Gross profit for the second quarter of 2020 was $14.0 million versus $14.8 million in 2019, while gross margin rose to 36.7% in 2020 versus 32.0% last year. The gross margin percent increase reflected a favorable mix of higher margin product categories and additional tariff exclusions on certain products, partially offset by increased volume of lower margin direct import sales. The tariff exclusions resulted in a $1.8 million benefit to cost of goods sold in the fiscal 2020 second quarter, of which $1.7 million related to prior periods.
Selling expense was $3.7 million in the second quarter of 2020 versus $4.0 million in 2019, and selling expense as a percent of net sales was 9.8% in 2020 versus 8.7% last year. The increase year-over-year as a percent of sales was primarily due to higher cooperative advertising expenses, freight, and royalty costs.

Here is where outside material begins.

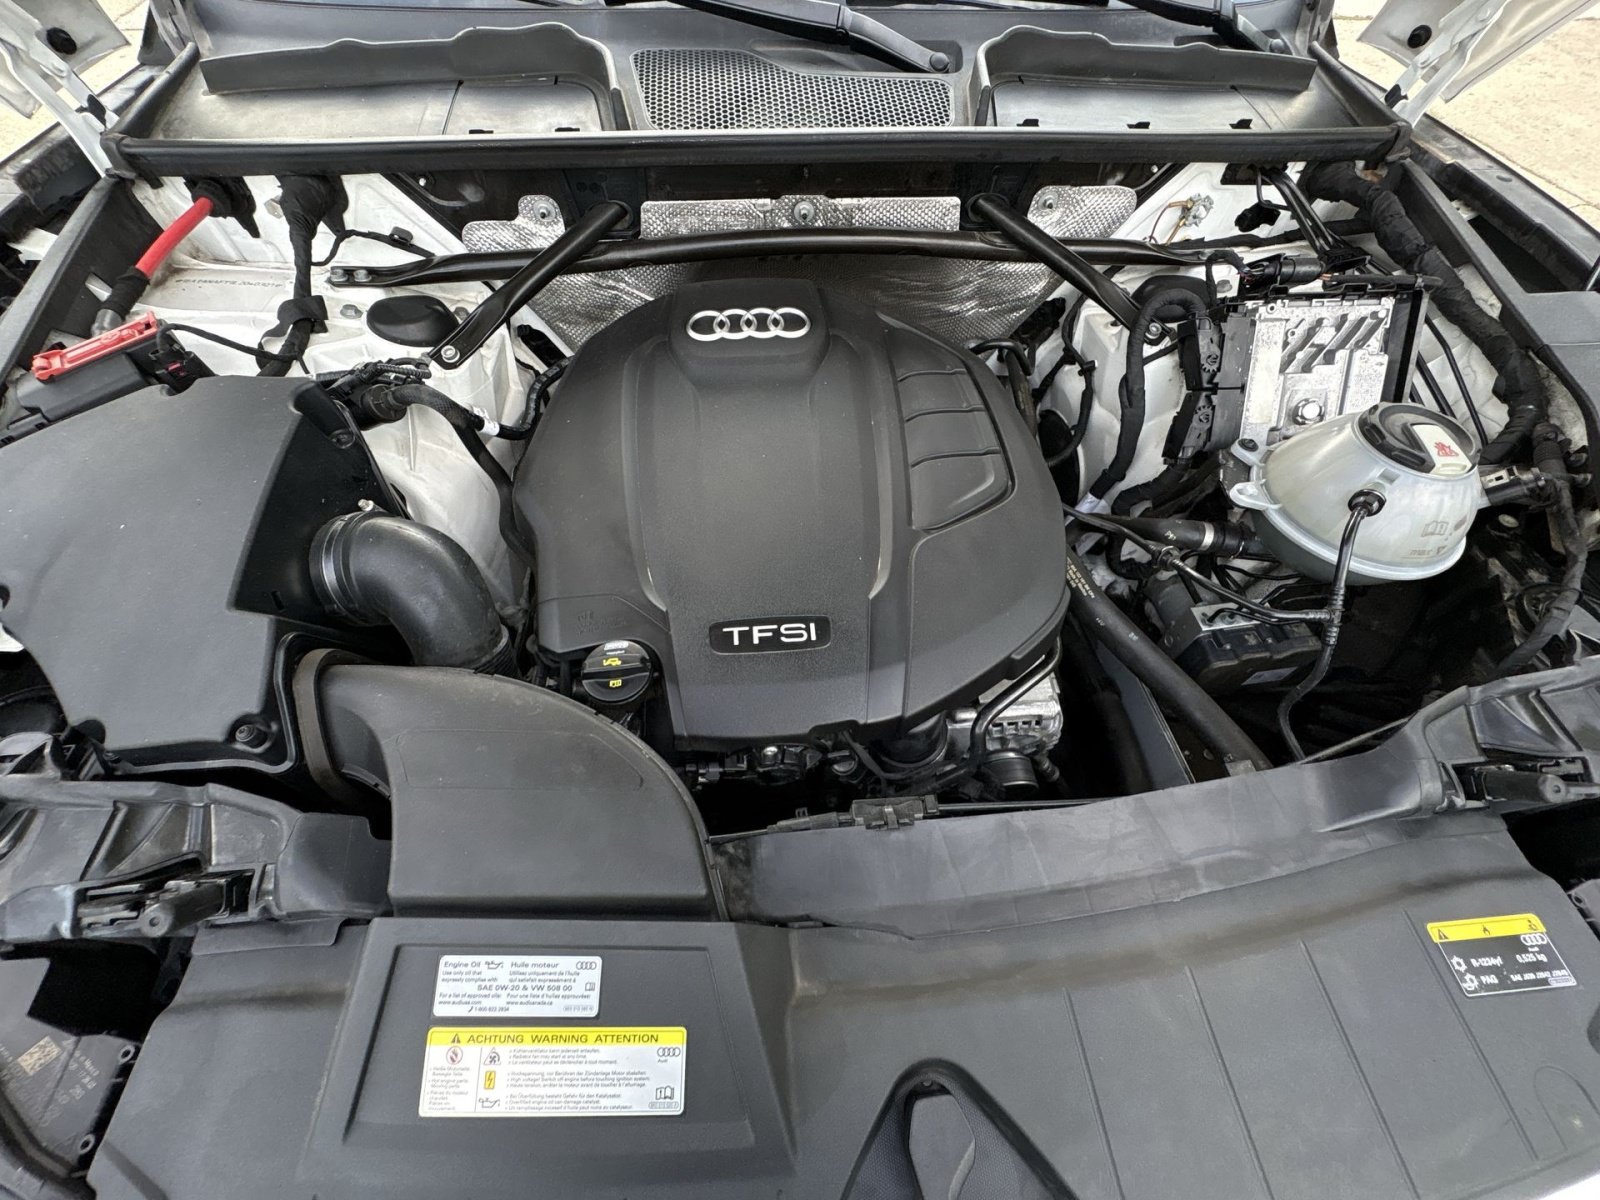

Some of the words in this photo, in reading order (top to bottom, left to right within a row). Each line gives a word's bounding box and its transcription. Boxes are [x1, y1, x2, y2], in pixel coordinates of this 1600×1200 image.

General and administrative expenses (G&A) were $6.7 million in the second quarter of 2020 versus $8.5 million in the second quarter of 2019, declining to 17.6% of net sales from 18.4% last year. The year-over-year change reflects lower labor and other costs due to various streamlining actions taken by the Company over the past year. Interest expense was $1.1 million in the second quarter of 2020 versus $1.3 million in 2019.
The Company reported net income of $1.3 million, or $0.61 per share, in the second quarter of 2020 compared with a net loss of $0.2 million, or $(0.11) per share, in the prior-year period.
“It is with great pleasure that I announce SUMR Brands posted earnings of $1.3 million this quarter, or $0.61 per share, reflecting the many steps taken this past year to reduce costs, streamline our operations, increase cash flow, and improve overall performance,” said Stuart Noyes, Interim CEO. “While COVID-19 negatively impacted revenue growth – primarily through supply chain constraints and certain lower brick & mortar traffic – we saw G&A costs fall over 20% year-over-year, generated $9.6 million in cash from operations, and reduced debt to the lowest levels in recent history.
“Our results this quarter – in the middle of a global pandemic – reflect not only our strategic focus on right-sizing the business but, in tandem, the ongoing demand for the innovative and essential products we bring to market. Given that our supply chain constraints are largely behind us, I believe the Company is well positioned for a strong finish to fiscal 2020 and am proud of all we’ve accomplished in transforming SUMR Brands into a lean, customer-centric, profitable organization.”